Wednesday, July 8, 2009

Homemade Teriyaki Sauce

Boy have I got a treat for you!
This tasty meal is an all time favorite at our house. I made it last night and all of my kids agreed that I should make this everyday!
Now that it's summer and we can fire up the grill outside I'm all for it!
This is my favorite part of the meal. I love grilling veggies outside.
I ate more veggies than anything else.
First I drizzled them with olive oil and coarse ground sea salt and fresh crushed garlic.
Then I skewered them and placed them on the grill next to the chicken.
Simple, but divine.
I grilled the sliced pineapple last, just long enough to heat it and give it nice looking char lines.


Then I diced the chicken into bite size pieces and put them in our favorite pitas of all times, fresh from the oven, of course. Add some more sauce to the diced chicken and some lettuce and pineapple and you're ready to eat!
I love the sour dough pitas, but I use freshly ground spelt because of wheat allergies at our house. They come out phenomenal!
OK, since I love you all so much I'll share the love. Homemade teriyaki sauce is infinitely more flavorful than the bottled version, and it's super easy to make. Plus you probably have all the ingredients just laying around your pantry just waiting to be used. Try it tonight, you'll be glad you did!
Homemade Teriyaki Sauce and Glaze
Ingredients
1/2 C Soy Sauce
1 C Water
1/2 t Ground ginger (or fresh if you have it)
1-2 Cloves of garlic, minced
2T chopped green onion
5T Brown sugar
2 T Honey
2T Corn starch or tapioca flour
1/4 C Cold water
Directions
Combine first 7 ingredients in a small sauce pan. Heat just until it starts to bubble. In a small bowl combine the corn starch and 1/4 cup of water and stir well. Add the corn starch mixture to the sauce and heat while stirring until sauce thickens, this will be very fast. Remove from heat and cool to room temperature. Marinate 2 chicken breasts with about half of the sauce for up to 24 hours. Grill chicken, basting with sauce often. When chicken is cooked through remove from heat and let stand for 5 minutes before cutting. This keeps the chicken unbelievably moist. Brush the chicken once more with the reserved sauce.
Try not to look like a ravenous wolf as you inhale the best chicken you have ever eaten!
Store left over sauce in an air tight container in the fridge for up to a week.
The sauce can also be used for veggies, pork, or beef.

6 comments:

Lara said...

That looks so good! I'll have to do that, just without the chicken. Hey, is that freshly butchered chicken you're eating there? You're not really getting rid of ALL you chickens are you? What's the scoop?

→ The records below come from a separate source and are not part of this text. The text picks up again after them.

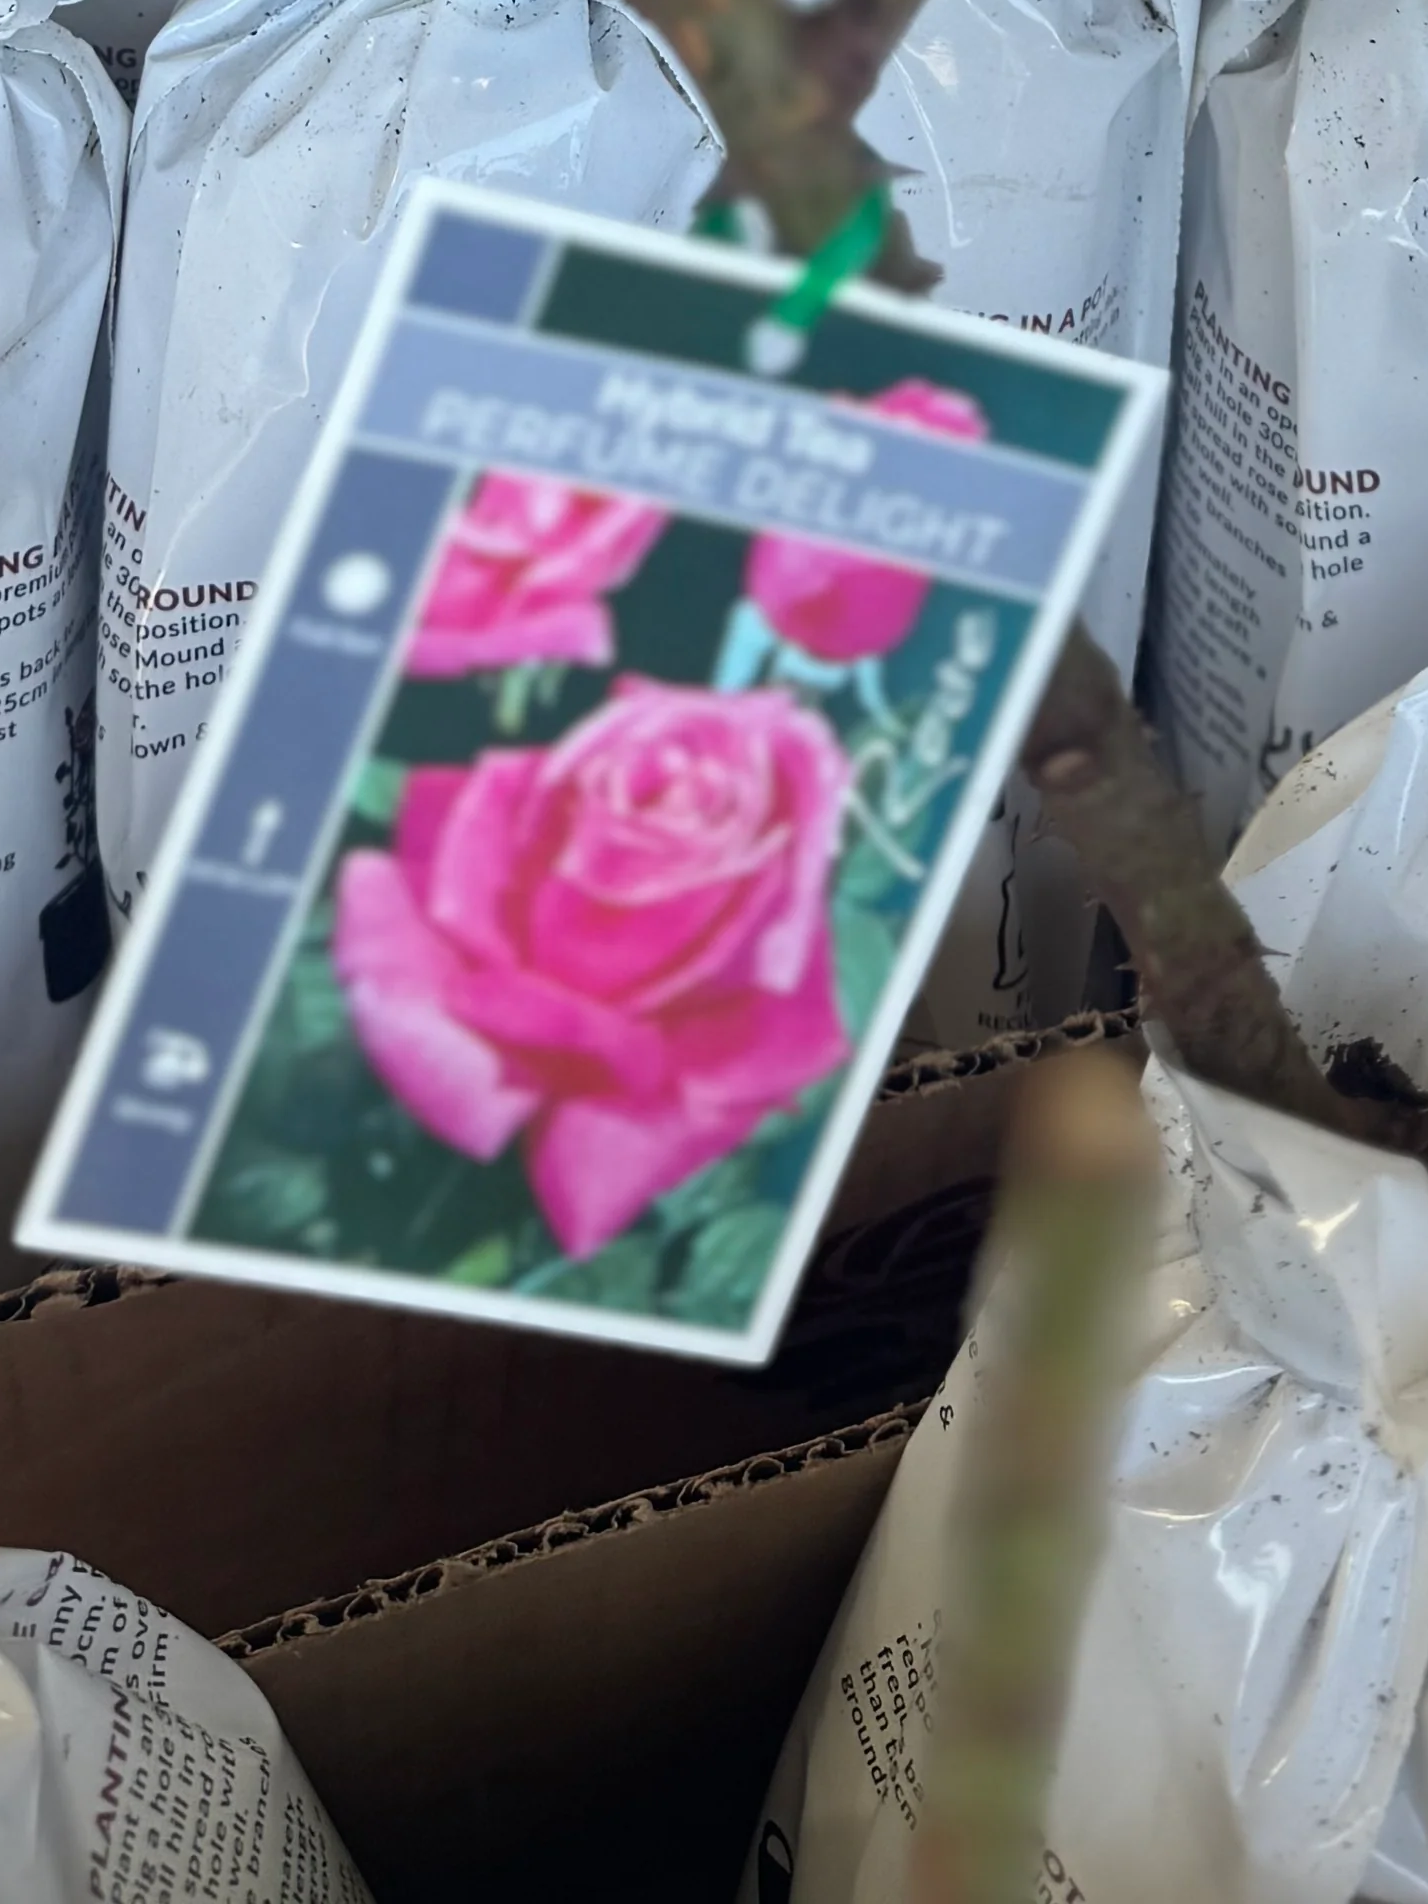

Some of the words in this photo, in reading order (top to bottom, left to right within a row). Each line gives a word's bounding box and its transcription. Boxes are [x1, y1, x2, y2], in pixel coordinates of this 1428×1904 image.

[1194, 279, 1292, 405] PLANTING
[596, 368, 762, 452] Hybrid
[764, 409, 878, 478] Tea
[417, 387, 726, 500] PERFUME
[734, 443, 1012, 569] DELIGHT
[1303, 555, 1364, 579] hole
[18, 643, 62, 684] back
[135, 638, 225, 670] Mound
[135, 679, 176, 700] the
[182, 1770, 215, 1896] spread

Lisa@BlessedwithGrace said...

That sauce looks good. I am glad you joined us for TMTT this week.

Just one tall girl named Laurel said...

Yummers! Thanks for the recipe! Totally have some chicken haunting me in the fridge, wanting something creative and new to be done with it--- this might just be the ticket!

annie said...

Wow Thank you I am making something new tonight using your recipe with Turkey!

Kirstin said...

Hello! I made this sauce last night and it was wonderful...I didn't have ginger in the house, but it was still wonderful. Thank you for sharing it!!!

Anonymous said...

I made this for tonights' dinner. It was amazing,we will NEVER buy bottled Teriyaki sauce again. We used it in the slow cooker and it was perfect. Thank you very much.